▸ **EXERCISE OBJECTIVE**: The reply is to be the lines from the one with "this 1600×901 image." through the last line of the records below, each retyped exactly, with pictures left out.

▸ **RECORDS FOR PROCESSING**:
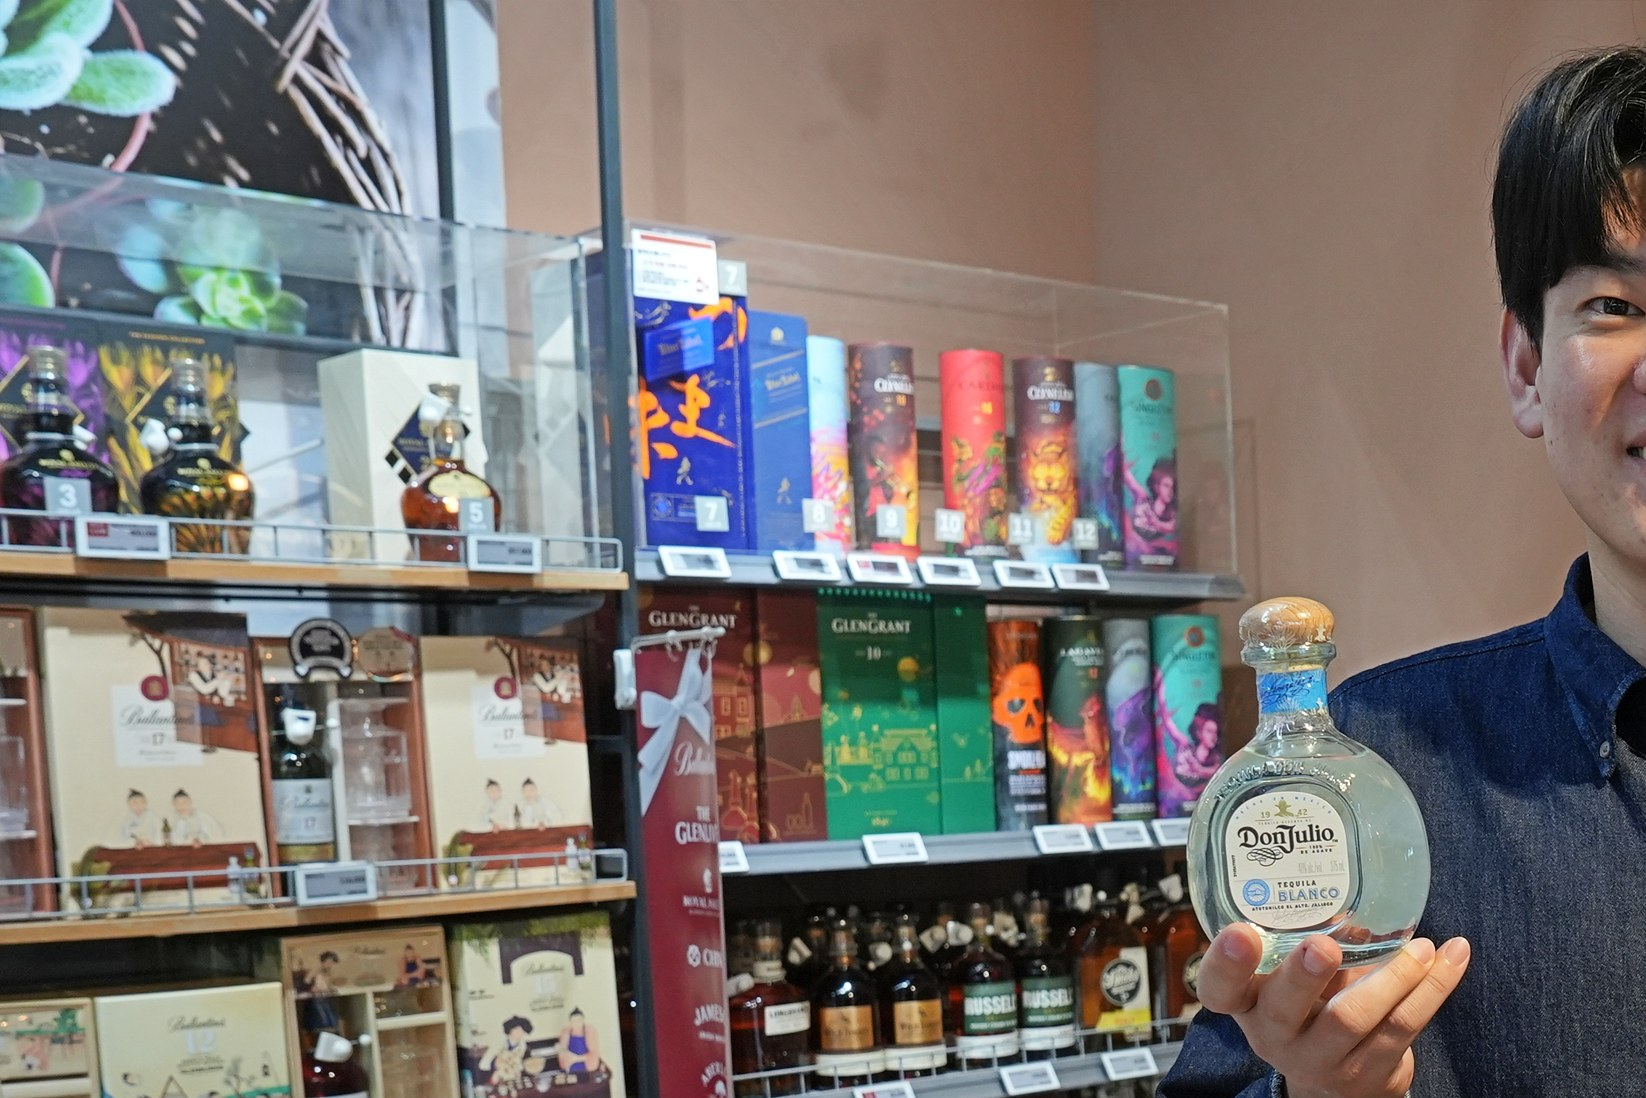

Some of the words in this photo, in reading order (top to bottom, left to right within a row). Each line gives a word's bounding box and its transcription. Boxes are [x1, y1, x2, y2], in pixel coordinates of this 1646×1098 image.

[58, 484, 77, 507] 3
[468, 502, 484, 523] 5
[705, 502, 717, 521] 7
[812, 504, 826, 523] 8
[884, 509, 898, 527] 9
[939, 513, 962, 533] 10
[1012, 516, 1031, 536] 11
[1075, 524, 1097, 543] 12
[866, 647, 882, 661] 10
[1277, 880, 1317, 888] TEQUILA
[1278, 886, 1341, 902] BLANCO
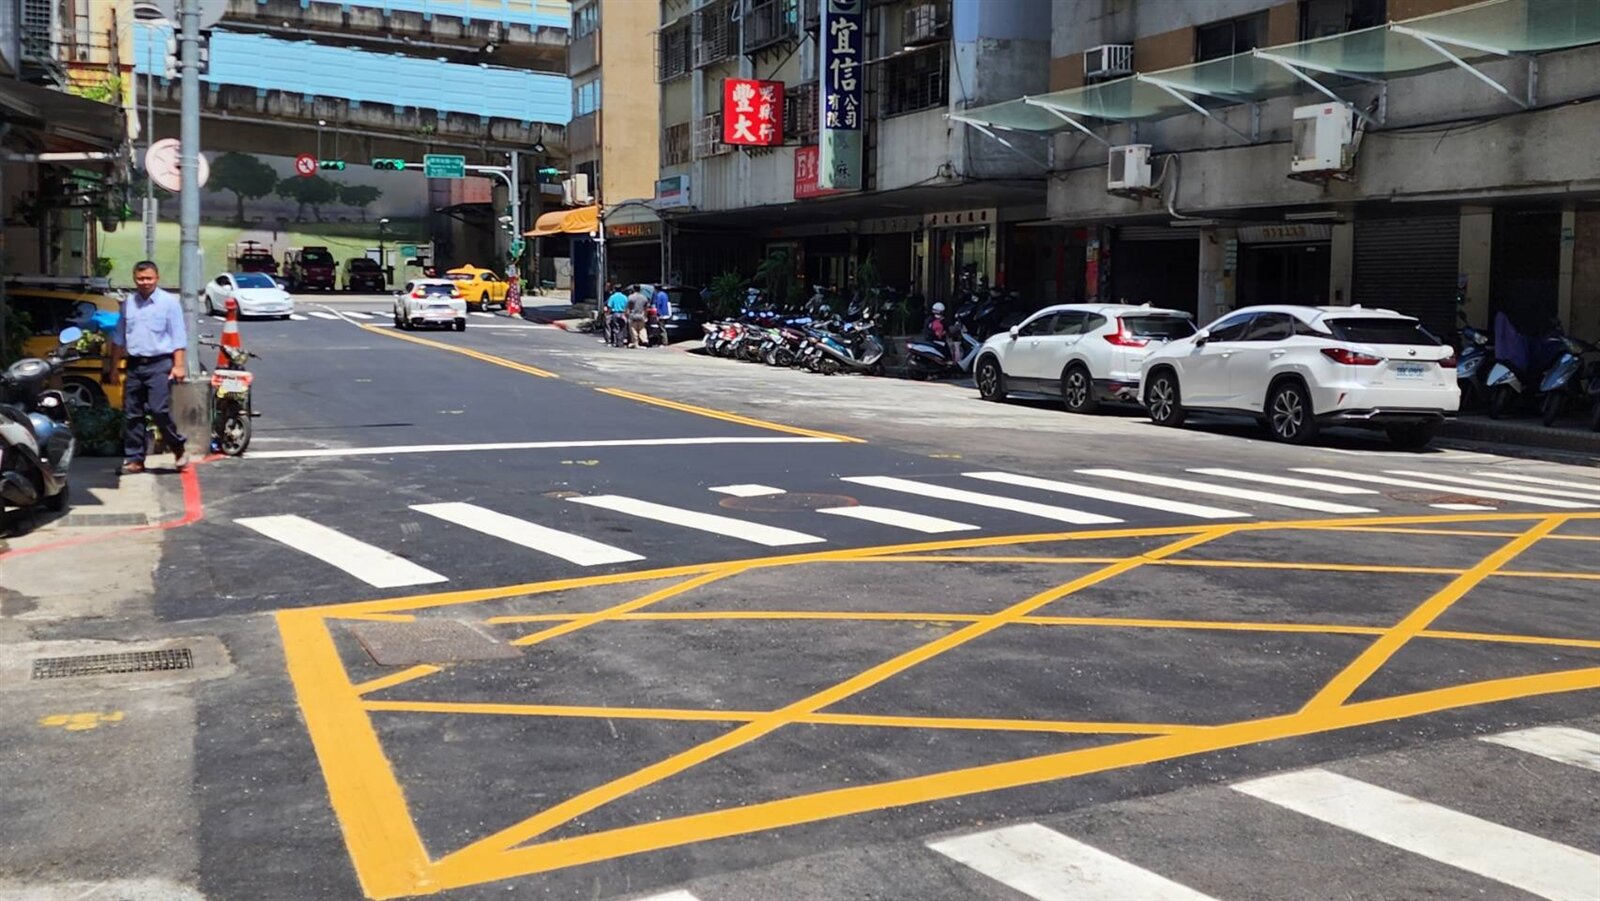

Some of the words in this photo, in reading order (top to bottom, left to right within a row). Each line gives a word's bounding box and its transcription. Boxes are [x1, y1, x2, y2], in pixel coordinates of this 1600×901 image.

[829, 16, 858, 92] 宜信
[732, 82, 757, 143] 豐大
[826, 93, 842, 128] 有限
[844, 93, 859, 129] 公司
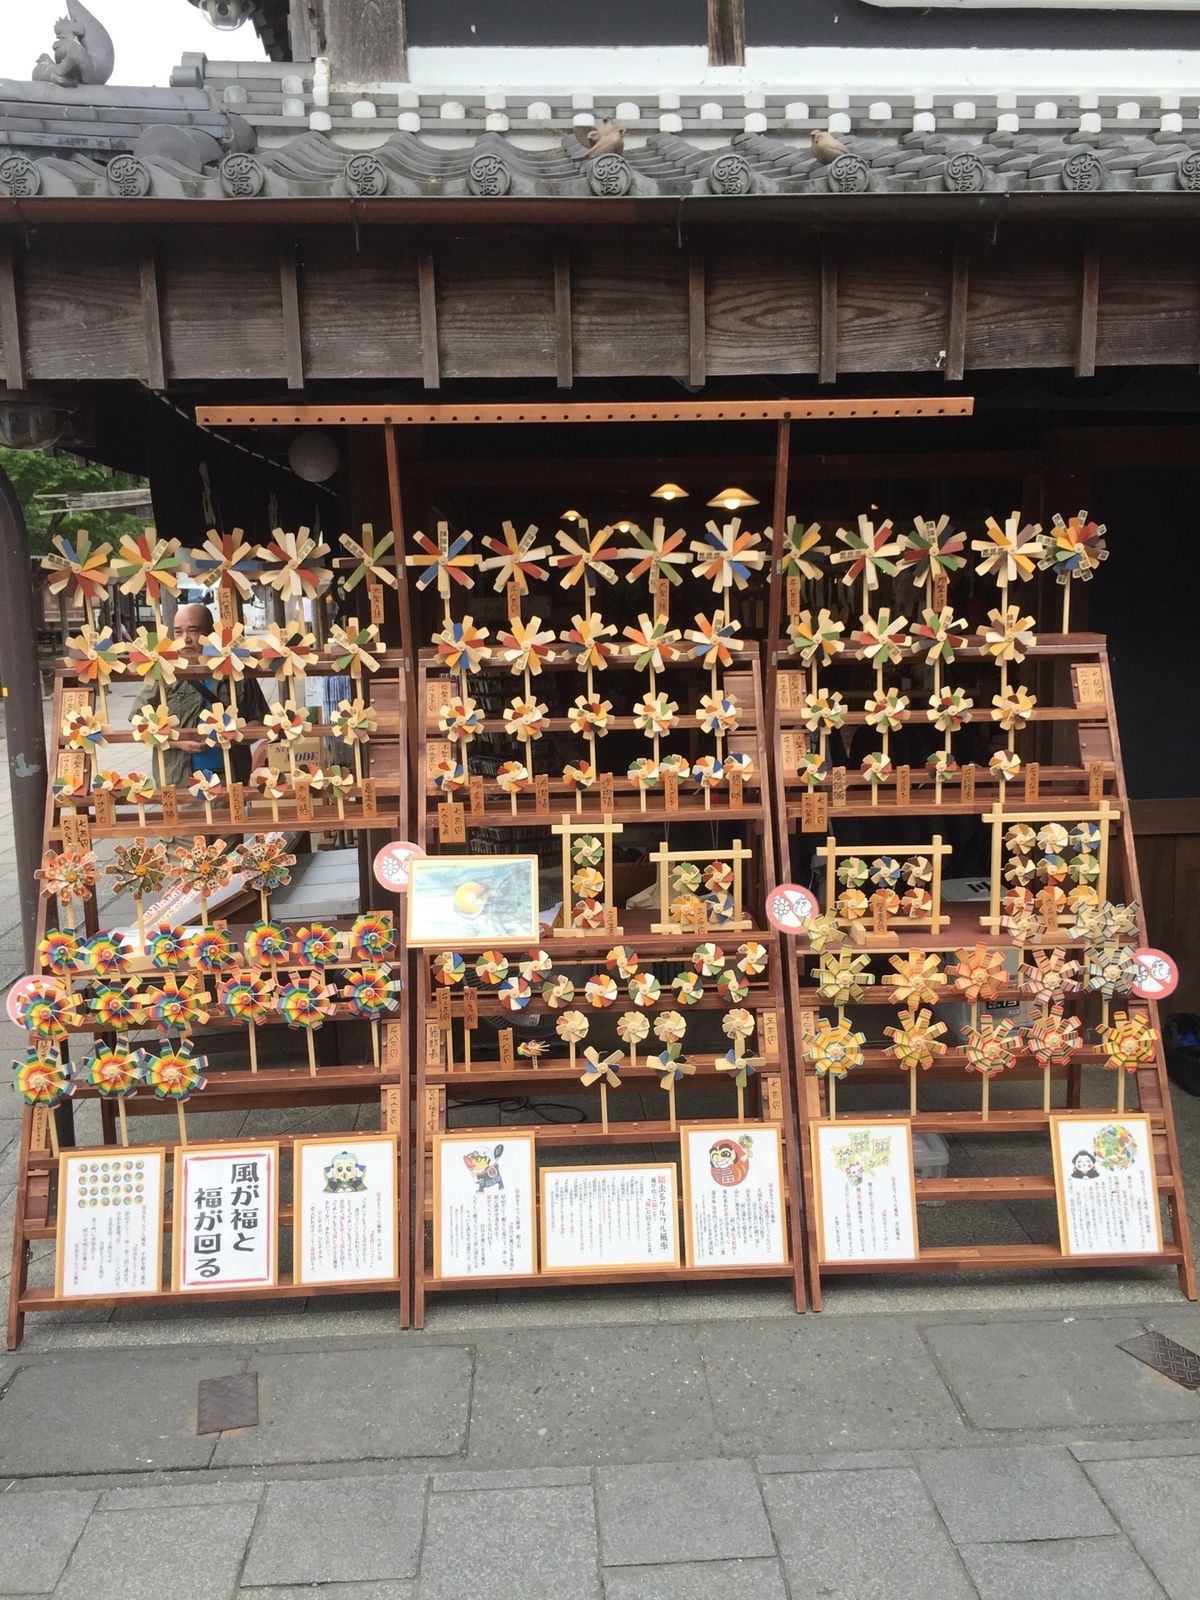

▸ **SOLUTION FOR THIS PROBLEM**:
Some of the words in this photo, in reading order (top to bottom, left to right within a row). Each line gives a word's bounding box and its transcription. Boxes are [x1, y1, x2, y2], in pixel coordinates of this 1600×901 image.

[829, 16, 858, 92] 宜信
[732, 82, 757, 143] 豐大
[826, 93, 842, 128] 有限
[844, 93, 859, 129] 公司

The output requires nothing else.